Stanislaw Sieniutycz
Power maximization approach is applied for fuel cells treated as flow engines driven by fluxes of chemical reagents and electrochemical mechanism of electric current generation. Analyzed are performance curves of a SOFC system and the effect of typical design and operating parameters on the cell performance. The theory combines a recent formalism worked out for chemical machines with the Faraday’s law which determines the intensity of the electric current generation. Steady-state model of a high-temperature SOFC is considered, which refers to constant chemical potentials of incoming hydrogen fuel and oxidant. Lowering of the cell voltage below its reversible value is attributed to polarizations and imperfect conversions of reactions. The power formula summarizes the effect of transport laws, irreversible polarizations and efficiency of power yield.

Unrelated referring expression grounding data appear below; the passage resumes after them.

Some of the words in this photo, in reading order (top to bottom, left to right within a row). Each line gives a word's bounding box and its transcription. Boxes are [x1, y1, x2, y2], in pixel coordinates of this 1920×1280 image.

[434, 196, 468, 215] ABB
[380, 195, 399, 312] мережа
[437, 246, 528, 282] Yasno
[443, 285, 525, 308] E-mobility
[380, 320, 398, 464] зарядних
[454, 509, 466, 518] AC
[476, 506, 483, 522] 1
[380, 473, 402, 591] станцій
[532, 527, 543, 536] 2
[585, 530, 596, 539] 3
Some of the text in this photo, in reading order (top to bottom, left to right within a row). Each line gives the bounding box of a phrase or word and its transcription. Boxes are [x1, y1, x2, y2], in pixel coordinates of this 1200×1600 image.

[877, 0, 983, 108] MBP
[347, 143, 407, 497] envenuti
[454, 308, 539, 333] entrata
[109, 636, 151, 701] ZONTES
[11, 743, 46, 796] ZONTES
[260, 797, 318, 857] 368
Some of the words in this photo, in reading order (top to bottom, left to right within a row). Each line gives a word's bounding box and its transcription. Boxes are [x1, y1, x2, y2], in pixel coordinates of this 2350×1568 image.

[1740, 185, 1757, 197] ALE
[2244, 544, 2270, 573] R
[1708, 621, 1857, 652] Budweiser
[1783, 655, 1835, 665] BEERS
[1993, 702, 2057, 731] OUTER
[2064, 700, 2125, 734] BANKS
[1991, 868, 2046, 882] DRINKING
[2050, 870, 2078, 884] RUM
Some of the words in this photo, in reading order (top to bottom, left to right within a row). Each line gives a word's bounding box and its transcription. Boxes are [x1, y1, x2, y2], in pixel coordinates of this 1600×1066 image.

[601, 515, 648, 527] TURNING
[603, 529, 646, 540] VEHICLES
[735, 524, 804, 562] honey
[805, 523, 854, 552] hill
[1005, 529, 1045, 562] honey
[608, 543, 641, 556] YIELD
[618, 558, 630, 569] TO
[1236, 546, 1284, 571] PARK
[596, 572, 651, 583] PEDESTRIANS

The reversible electrochemical theory is extended to the case with dissipative chemical reactions; this case includes systems with incomplete conversions, characterized by ”reduced affinities” and an idle run voltage. The efficiency decrease is linked with thermodynamic and electrochemical irreversibilities expressed in terms of polarizations (activation, concentration and ohmic). Effect of incomplete conversions is modelled in a novel way assuming that substrates can be remained after the reaction and that side reactions may occur. Optimum and feasibility conditions are obtained and discussed for some important input parameters such as the effciency, power output, and electric current density of the cell. Calculations of the maximum power show that the data differ for power generated and consumed, and depend on parameters of the system, e.g., current intensity, number of mass transfer units, polarizations, electrode surface area, average chemical rate, etc.. These data provide bounds for SOFC energy generators, which are more exact and informative than reversible bounds for electrochemical transformation.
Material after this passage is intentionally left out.